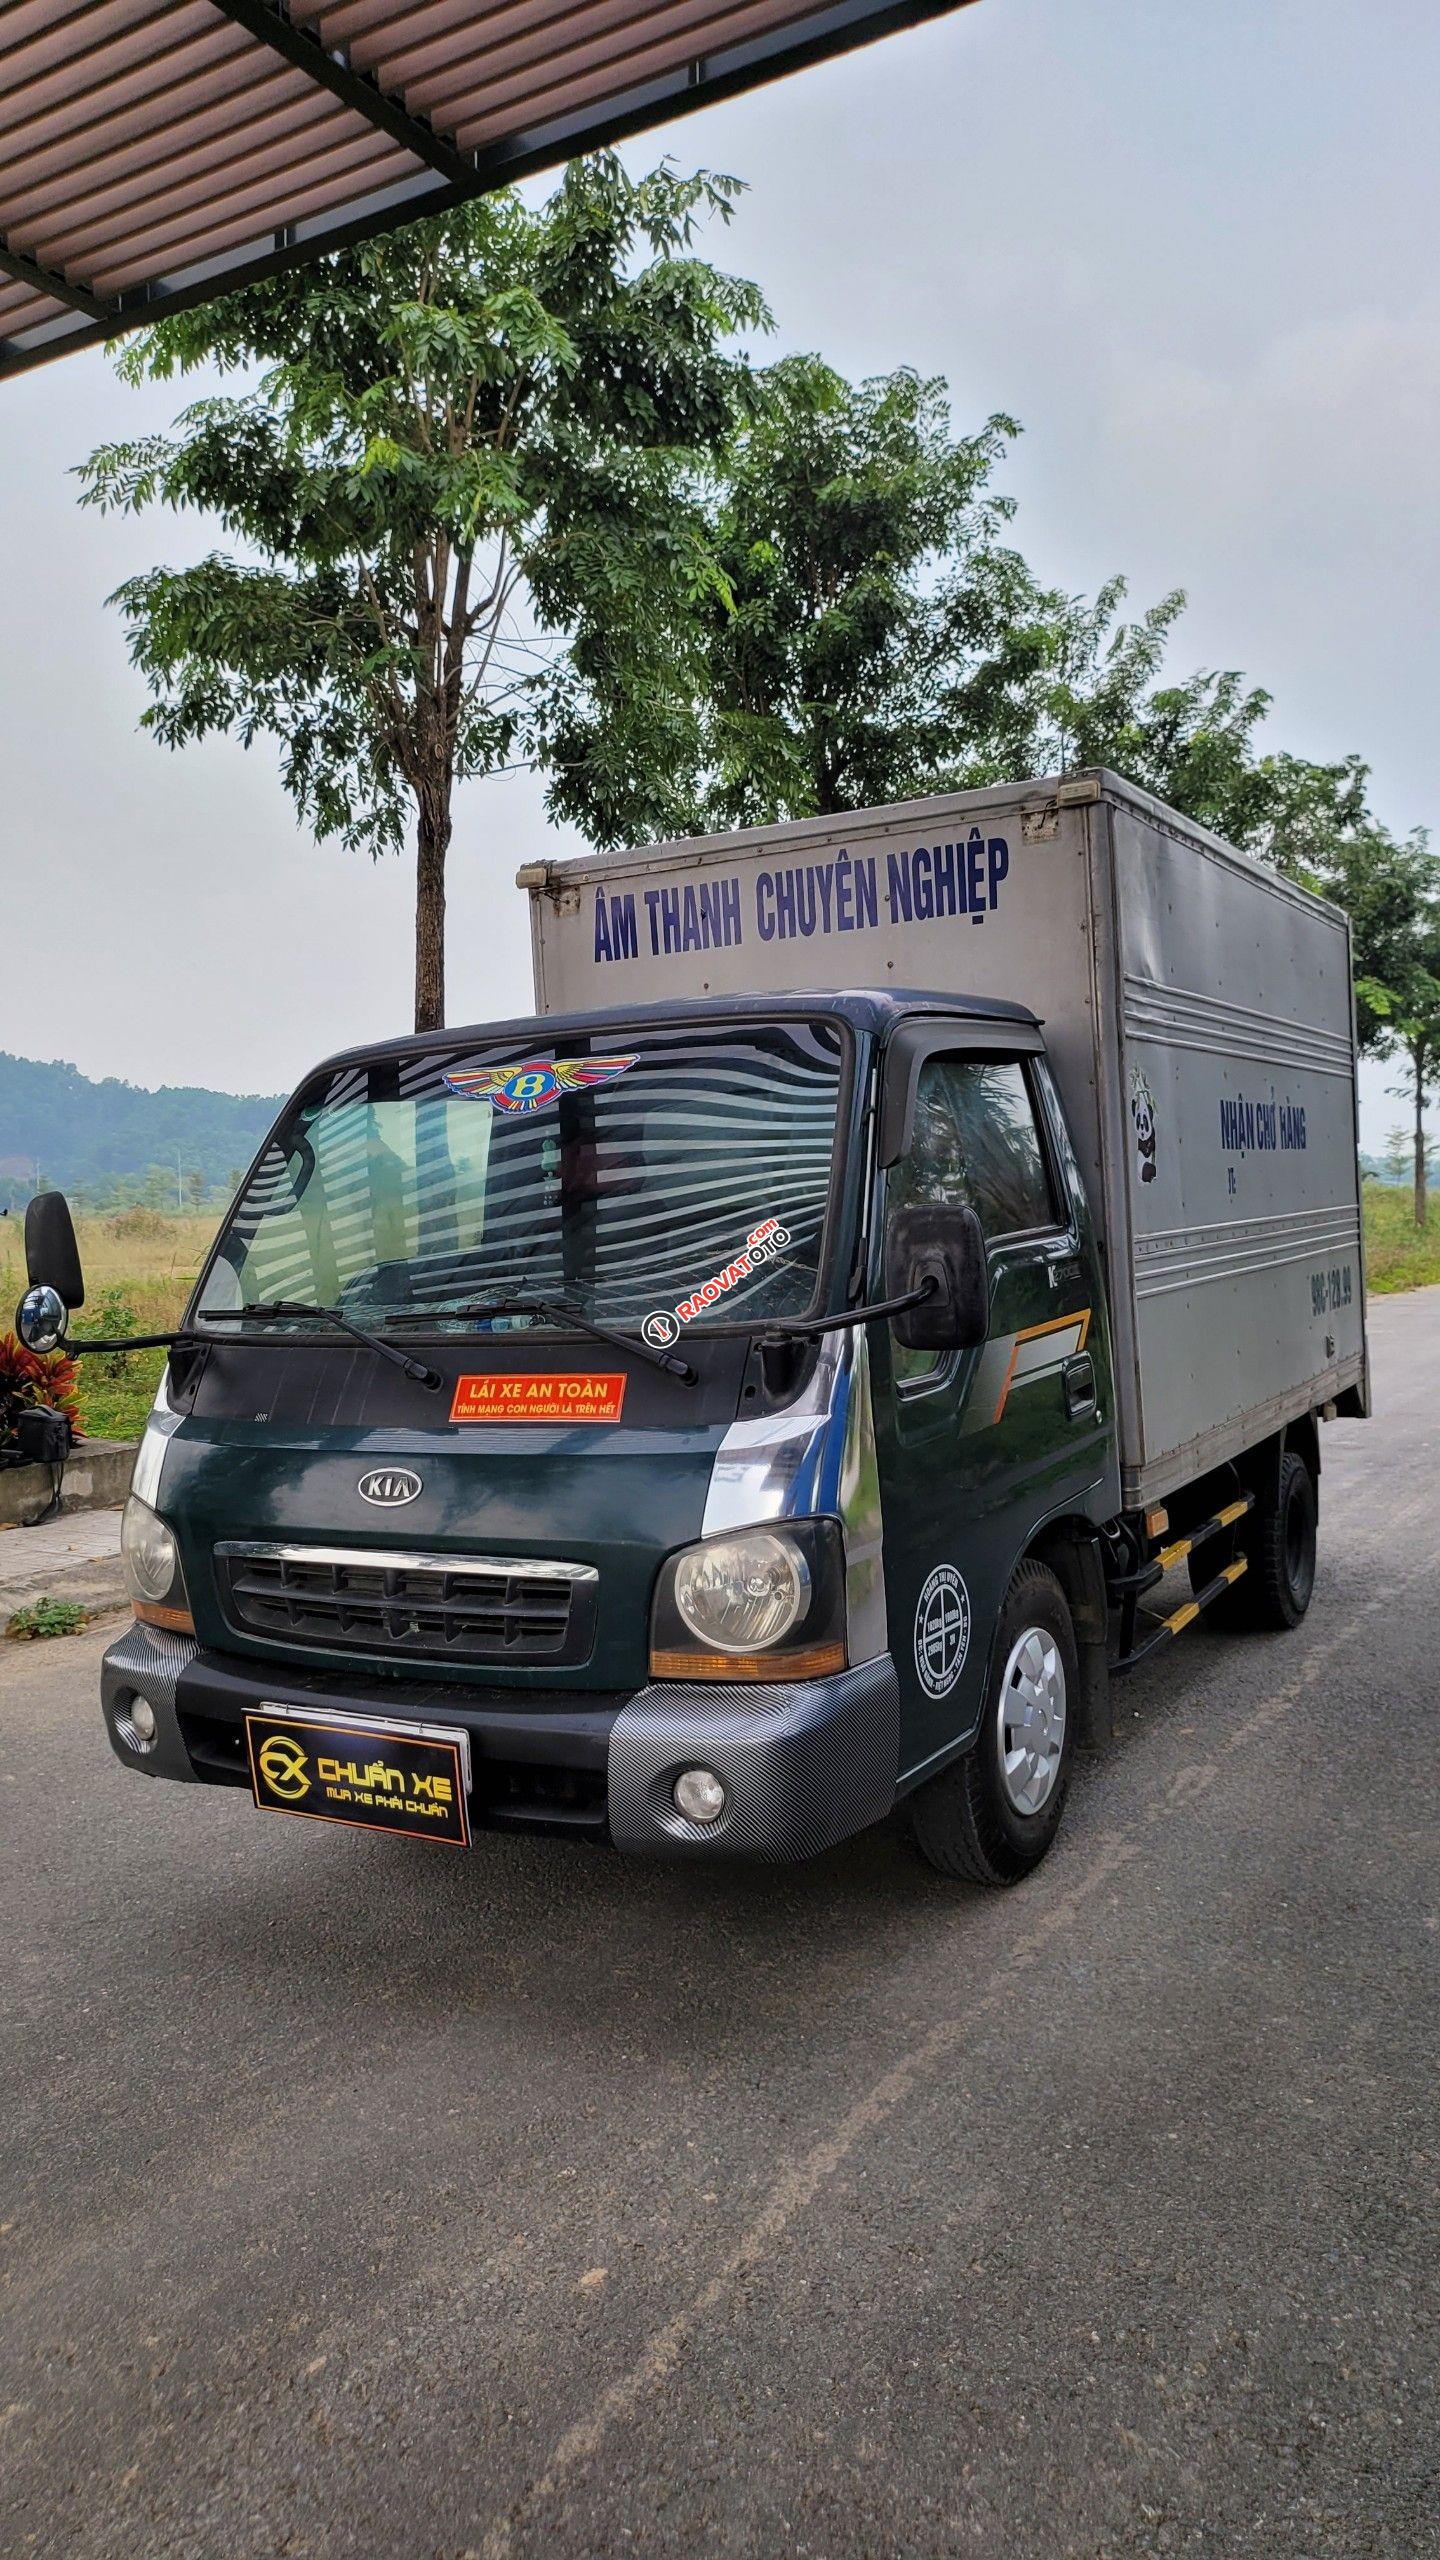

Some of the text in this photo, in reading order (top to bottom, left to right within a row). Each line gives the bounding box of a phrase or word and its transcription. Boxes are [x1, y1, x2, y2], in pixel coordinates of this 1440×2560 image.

[594, 827, 1009, 963] ÂM THANH CHUYÊN NGHIỆP
[1220, 1092, 1255, 1158] NHẬN
[1279, 1096, 1306, 1150] HÀNG
[470, 1378, 608, 1399] LÁI XE AN TOÀN
[478, 1404, 504, 1416] MẠNG
[507, 1404, 528, 1414] CON
[562, 1402, 573, 1414] LÀ
[575, 1402, 597, 1414] TRÊN
[598, 1401, 616, 1414] HẾT
[368, 1475, 410, 1497] KIA
[317, 1758, 452, 1801] CHUẨN XE
[326, 1786, 351, 1801] MUA
[354, 1790, 373, 1805] XE
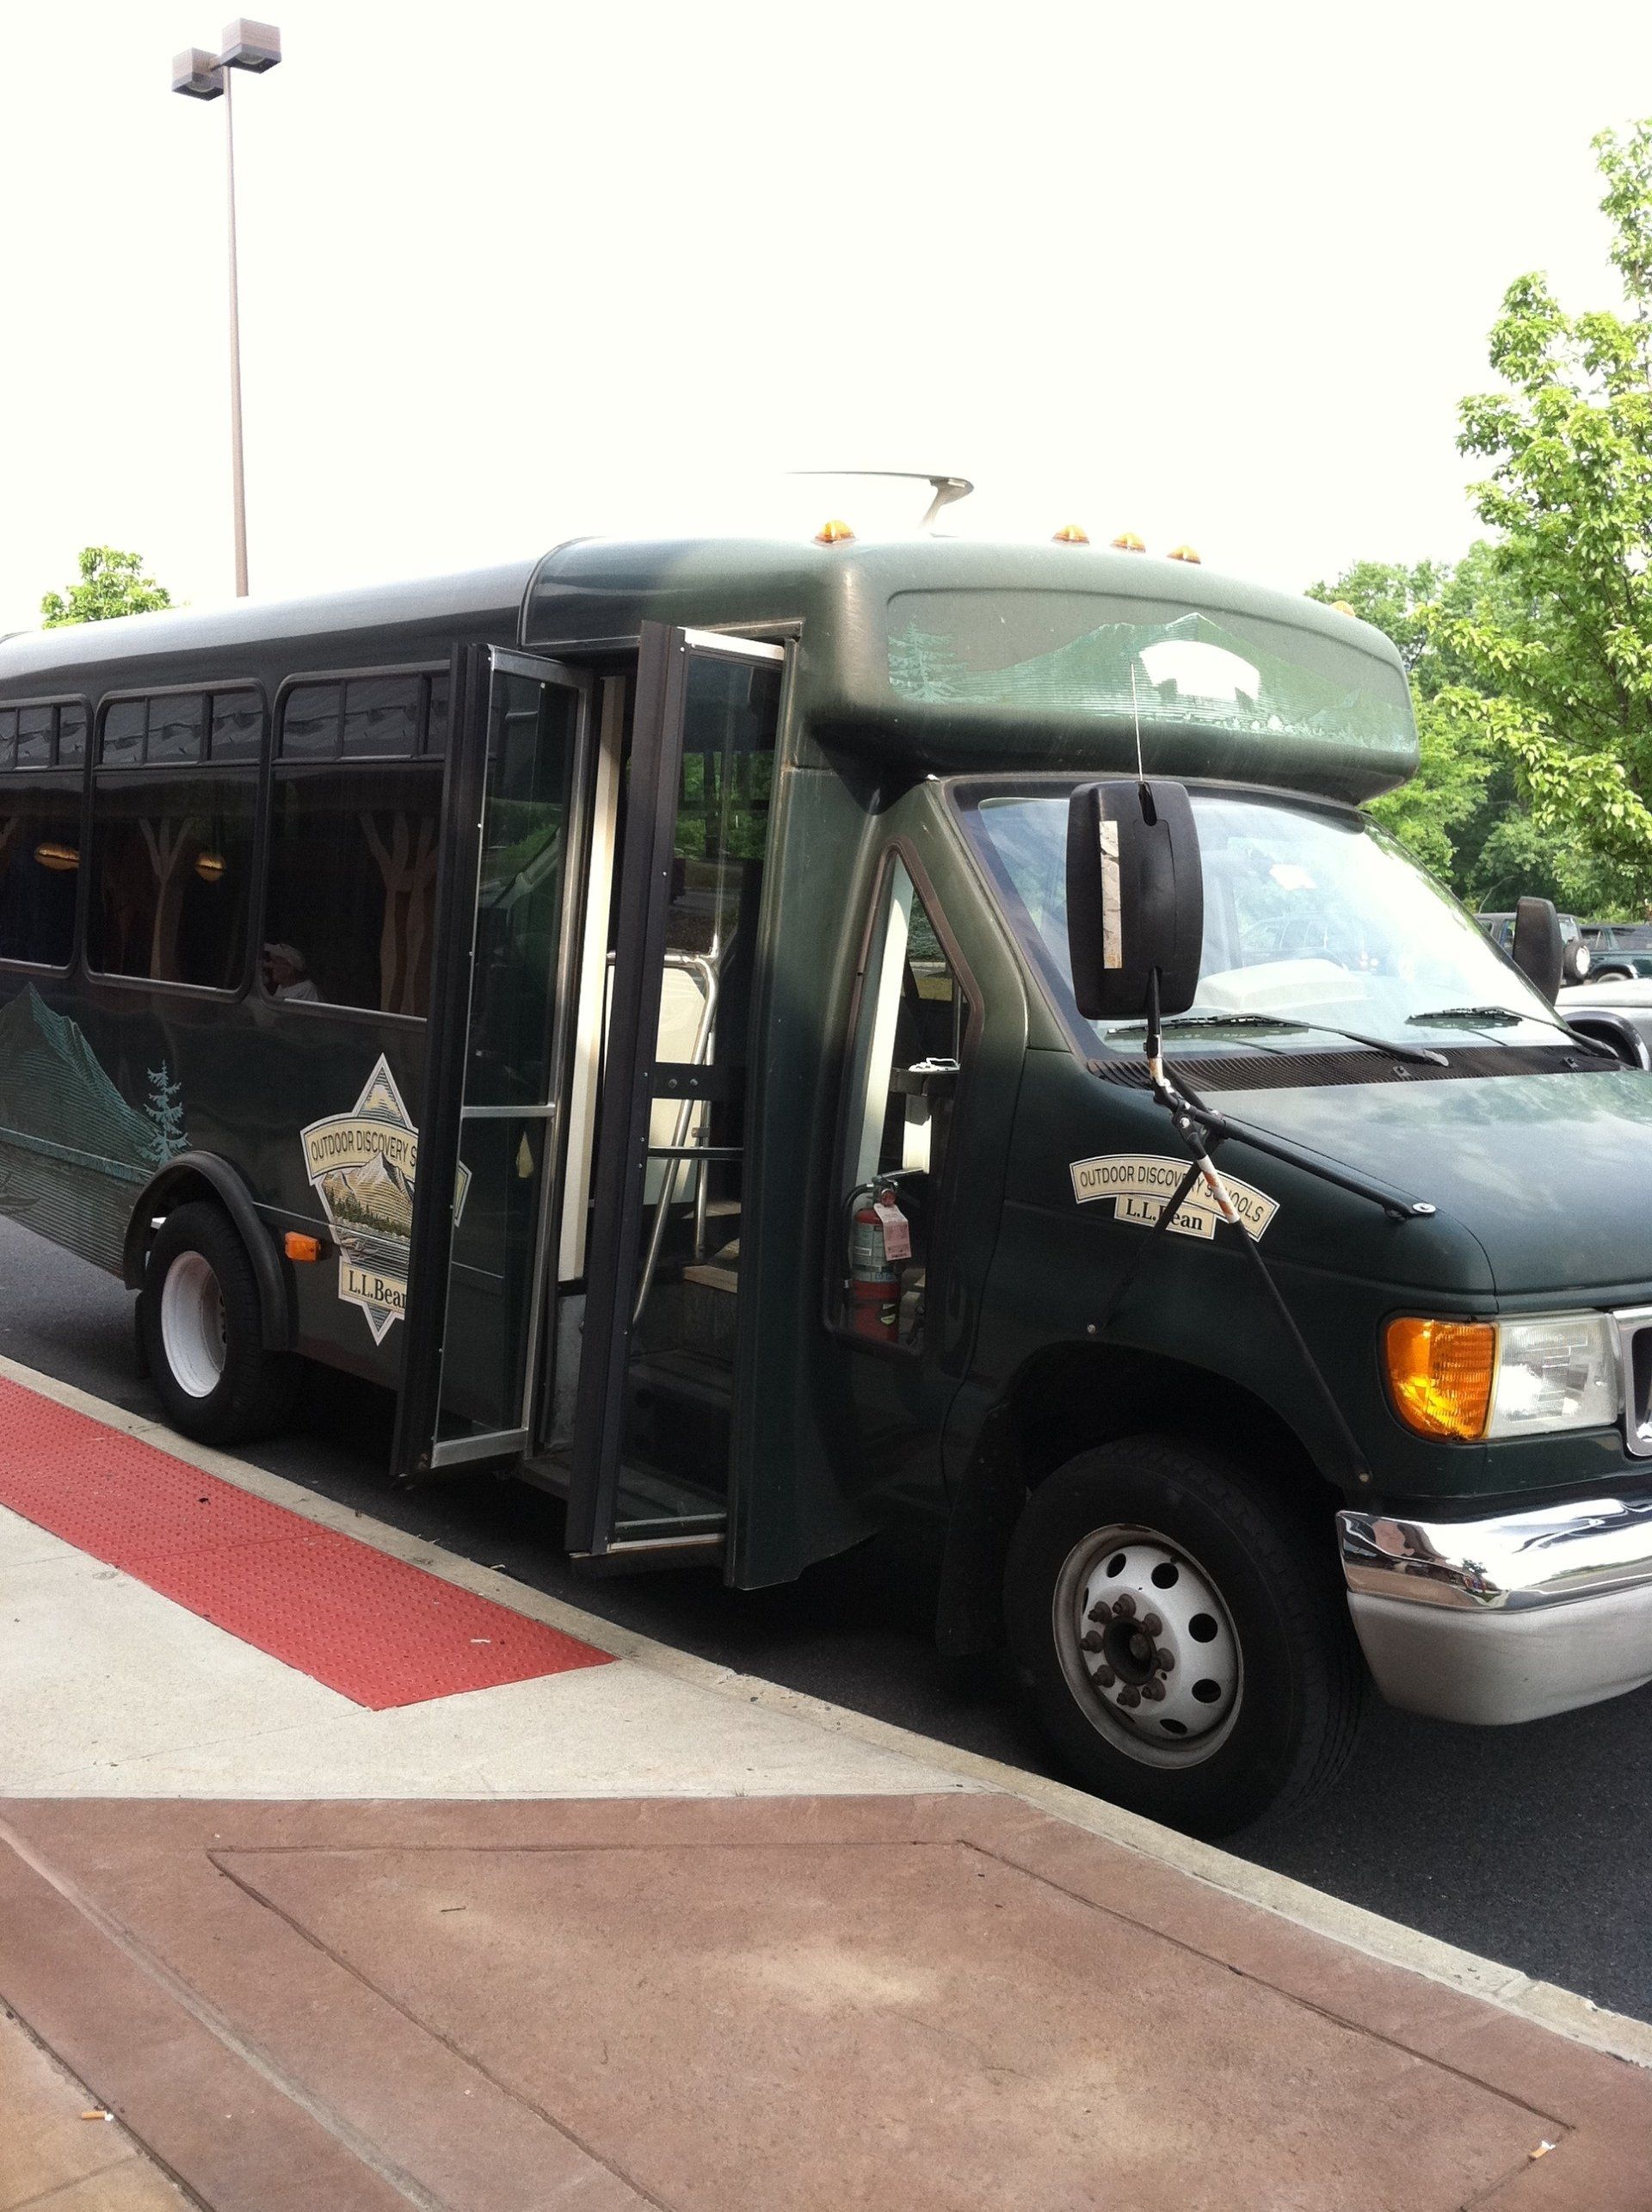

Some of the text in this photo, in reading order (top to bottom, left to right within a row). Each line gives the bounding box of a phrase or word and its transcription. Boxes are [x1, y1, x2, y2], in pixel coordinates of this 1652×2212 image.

[311, 1129, 354, 1162] OUTDOOR
[356, 1130, 410, 1161] DISCOVERY
[1080, 1166, 1264, 1223] OUTDOOR DISCOVY SOOLS

☆ ☆ ☆ ☆ ☆

> _YOUR ASSIGNMENT_
Output every entry above verbatim, but leave out the pictures.

> _EXERCISE RESULT_
Some of the text in this photo, in reading order (top to bottom, left to right within a row). Each line gives the bounding box of a phrase or word and its transcription. Boxes are [x1, y1, x2, y2], in pixel coordinates of this 1440×2560 image.

[594, 827, 1009, 963] ÂM THANH CHUYÊN NGHIỆP
[1220, 1092, 1255, 1158] NHẬN
[1279, 1096, 1306, 1150] HÀNG
[470, 1378, 608, 1399] LÁI XE AN TOÀN
[478, 1404, 504, 1416] MẠNG
[507, 1404, 528, 1414] CON
[562, 1402, 573, 1414] LÀ
[575, 1402, 597, 1414] TRÊN
[598, 1401, 616, 1414] HẾT
[368, 1475, 410, 1497] KIA
[317, 1758, 452, 1801] CHUẨN XE
[326, 1786, 351, 1801] MUA
[354, 1790, 373, 1805] XE

Some of the text in this photo, in reading order (top to bottom, left to right within a row). Each line gives the bounding box of a phrase or word and its transcription. Boxes are [x1, y1, x2, y2], in pixel coordinates of this 1652×2212 image.

[311, 1129, 354, 1162] OUTDOOR
[356, 1130, 410, 1161] DISCOVERY
[1080, 1166, 1264, 1223] OUTDOOR DISCOVY SOOLS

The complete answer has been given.